A falta de consciência ambiental em questão no Brasil
Enviada em 09/07/2021
A Agenda 21 foi um documento assinado, em 1992, por diversos países na Conferência das Nações Unidas sobre o Meio Ambiente e Desenvolvimento em prol de um planejamento de equilíbrio entre o corpo social e o setor público a fim de alcançar um desenvolvimento sustentável. Diferentemente do esperado, o Brasil foi palco de grandes tragédias ambientais, tais como o rompimento das barragens de Mariana e Brumadinho, em Minas Gerais. A partir desses desastres e diversos outros, é visível que a maior preocupação do ser humano é a obtenção de lucros sobre a -submissa- natureza, tida como inesgotável diante da visão negligente e egocêntrica da humanidade.

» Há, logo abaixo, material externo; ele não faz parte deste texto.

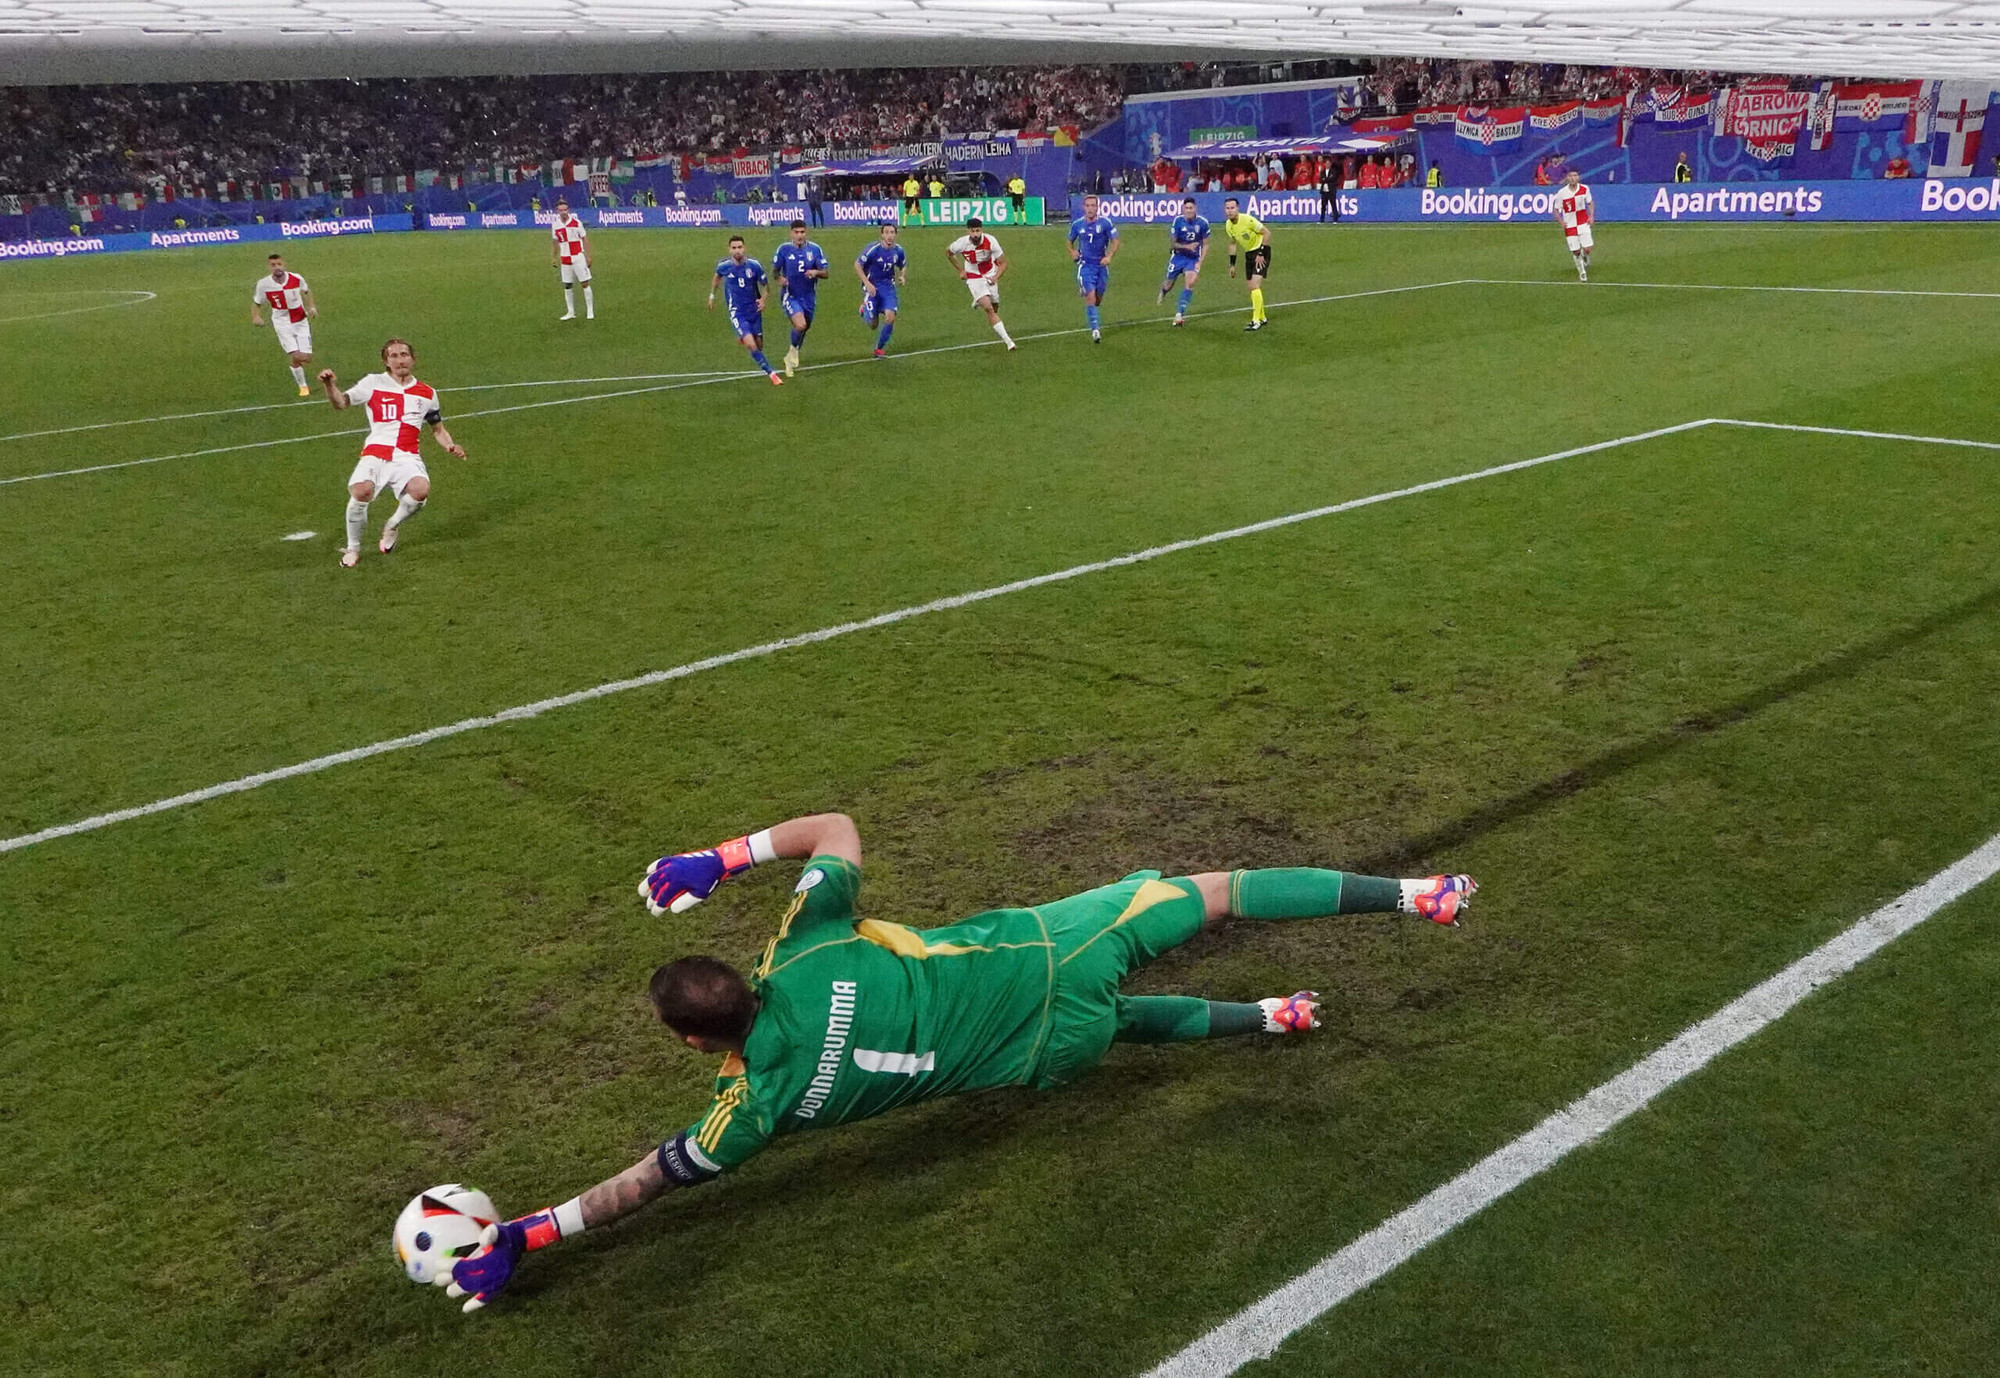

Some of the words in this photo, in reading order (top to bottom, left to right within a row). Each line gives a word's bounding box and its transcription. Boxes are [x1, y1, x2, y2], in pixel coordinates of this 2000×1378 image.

Em primeiro plano, remetendo-se a ideia de desgaste ambiental, o Relatório de Brundtland, documento também conhecido como “nosso futuro comum”, enfatizou problemas ecossistêmicos como aquecimento global, destruição da camada de ozônio, entreoutros. Assim, destacou a necessidade de uma nova relação “ser humano-meio ambiente” diante da incompatibilidade entre desenvolvimento sustentável e os padrões de produção e consumo atuais. Entretanto, o Governo Brasileiro apresenta uma Bancada Ruralista com grande representatividade nas políticas ambientais e, por conseguinte, defende pautas pouco preservacionistas. Diante disso, vê-se que o poder que esse grupo detém é, infelizmente, direcionado à flexibilização de leis ambientais, corroborando, mais uma vez, para a degradação do meio ambiente.
Ademais, vale citar o filósofo alemão Hans Jonas, o qual por meio da obra “O Princípio da Responsabilidade” disserta sobre como as novas tecnologias contribuem para o uso desenfreado de recursos naturais. Na visão de Jonas, a crise do meio ambiente é fruto da falta de uma conduta ética estruturada por parte dos seres humanos, os quais são responsáveis pela garantia de manutenção da natureza para a exisência e o bem-estar de futuras gerações. Porém, os indivíduos apenas demonstram preocupação com o momento atual, e não futuro, exibindo assim, uma consciência invidualista e egocêntrica, o que além de trazer consequências ambientais, traz consequências políticas e econômicas, uma vez que muitos países preservacionistas se negam a participar de acordos internacionais com países de leis ambientais flexíveis.
Em suma, nota-se que o olhar negacionista da humanidade diante da limitada natureza intefere nos mais variados âmbitos de uma nação. Isto posto, é crucial que ONGs socioambientais apoiem a candidatura de líderes ligados ao discurso ambiental por meio de recursos financeiros e divulgações, a fim de organizar uma Bancada Ambientalista que lute e apoie a causa da preservação e consciência ambiental.